__Your assignment__. Repeat exactly the lines from the one containing "this 1440×1920 image." through the last line of the records below, both included, and nothing else.

__Input data__.
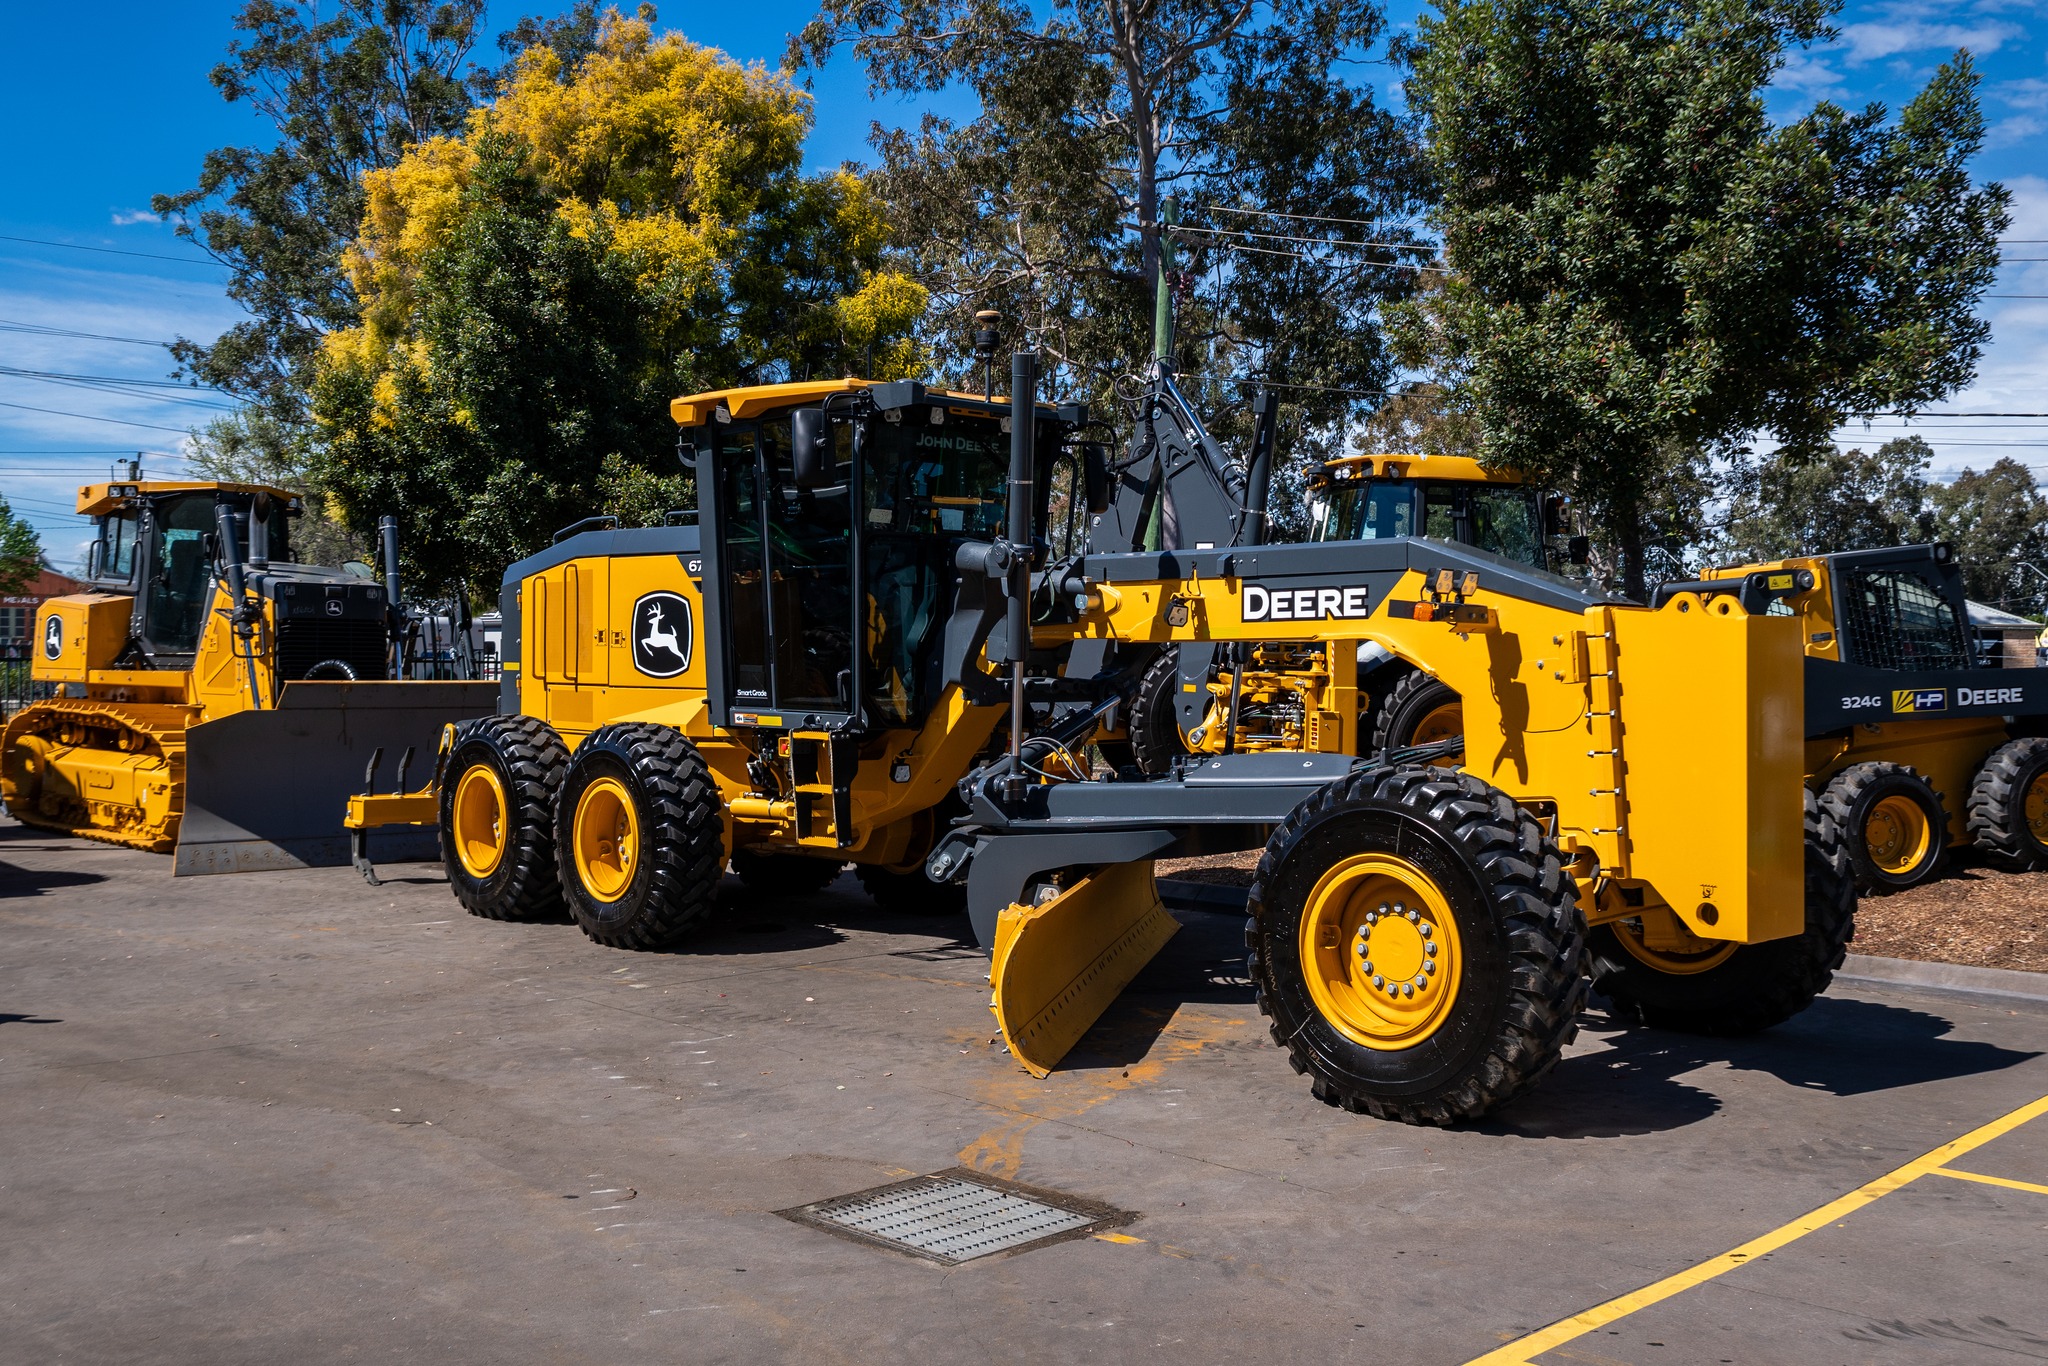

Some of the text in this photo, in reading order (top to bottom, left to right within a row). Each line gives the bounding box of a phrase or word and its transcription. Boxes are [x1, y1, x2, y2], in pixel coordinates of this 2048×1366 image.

[916, 433, 1000, 454] JOHN DEEE
[1243, 586, 1367, 620] DEERE
[1841, 695, 1882, 709] 324G
[1915, 693, 1943, 708] HP
[1957, 687, 2024, 706] DEERE
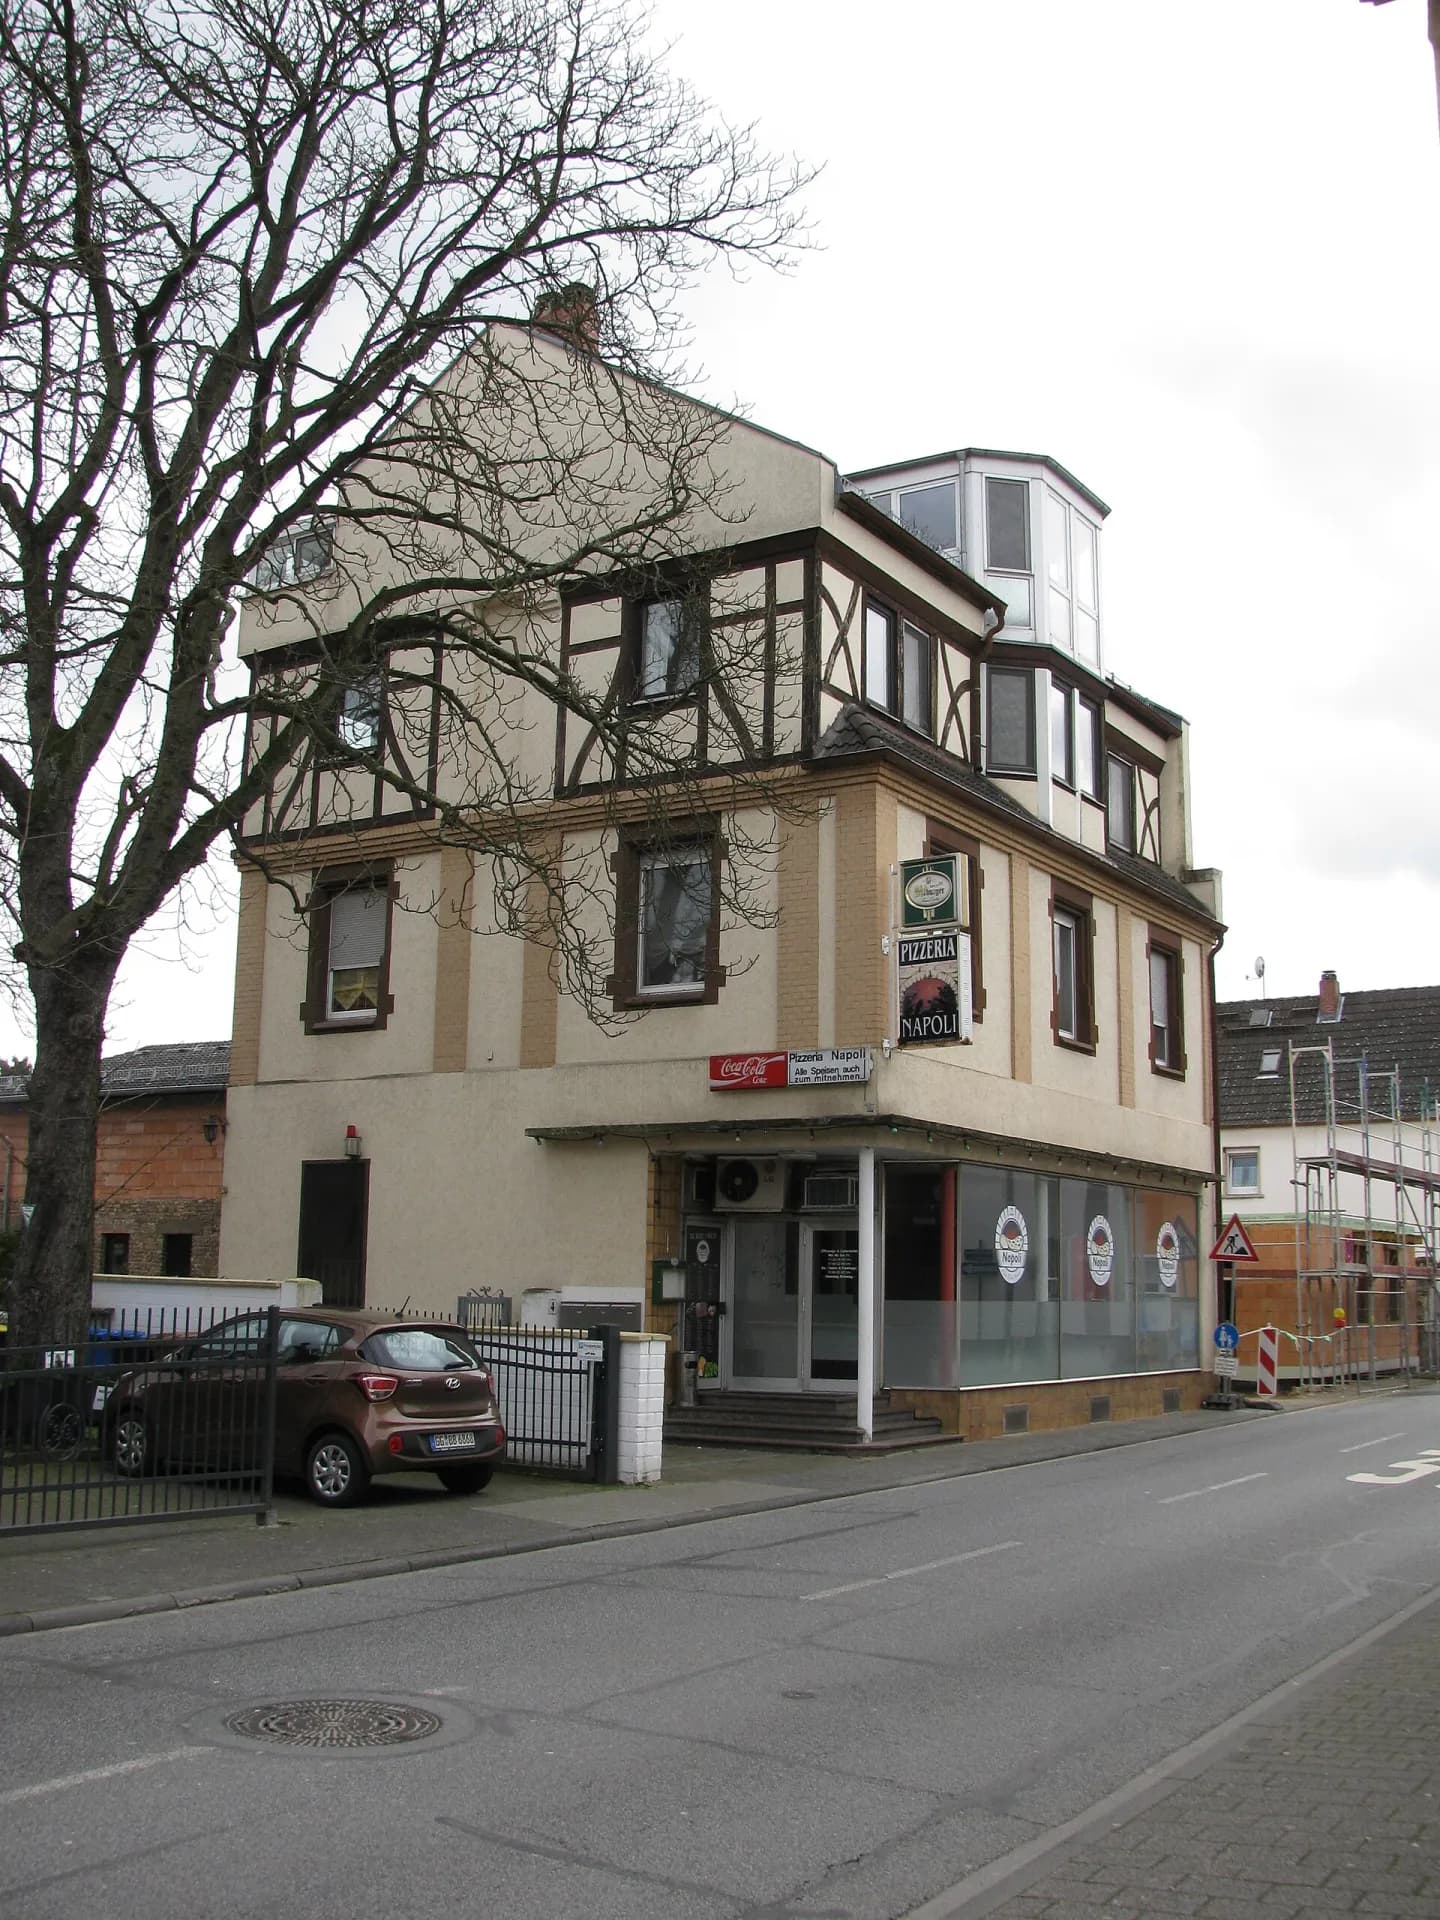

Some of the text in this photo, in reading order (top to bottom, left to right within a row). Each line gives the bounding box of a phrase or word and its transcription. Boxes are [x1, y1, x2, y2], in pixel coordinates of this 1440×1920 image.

[901, 938, 956, 962] PIZZERIA
[902, 1013, 956, 1038] NAPOLI
[789, 1048, 865, 1063] Pizzeria Napoli
[795, 1065, 860, 1076] Alle Speisen auch
[814, 1073, 860, 1082] mitnehmen
[1002, 1251, 1022, 1265] Napoli

__Solution for this task__.
Some of the text in this photo, in reading order (top to bottom, left to right within a row). Each line gives the bounding box of a phrase or word and its transcription. Boxes are [x1, y1, x2, y2], in pixel coordinates of this 1440×1920 image.

[901, 938, 956, 962] PIZZERIA
[902, 1013, 956, 1038] NAPOLI
[789, 1048, 865, 1063] Pizzeria Napoli
[795, 1065, 860, 1076] Alle Speisen auch
[814, 1073, 860, 1082] mitnehmen
[1002, 1251, 1022, 1265] Napoli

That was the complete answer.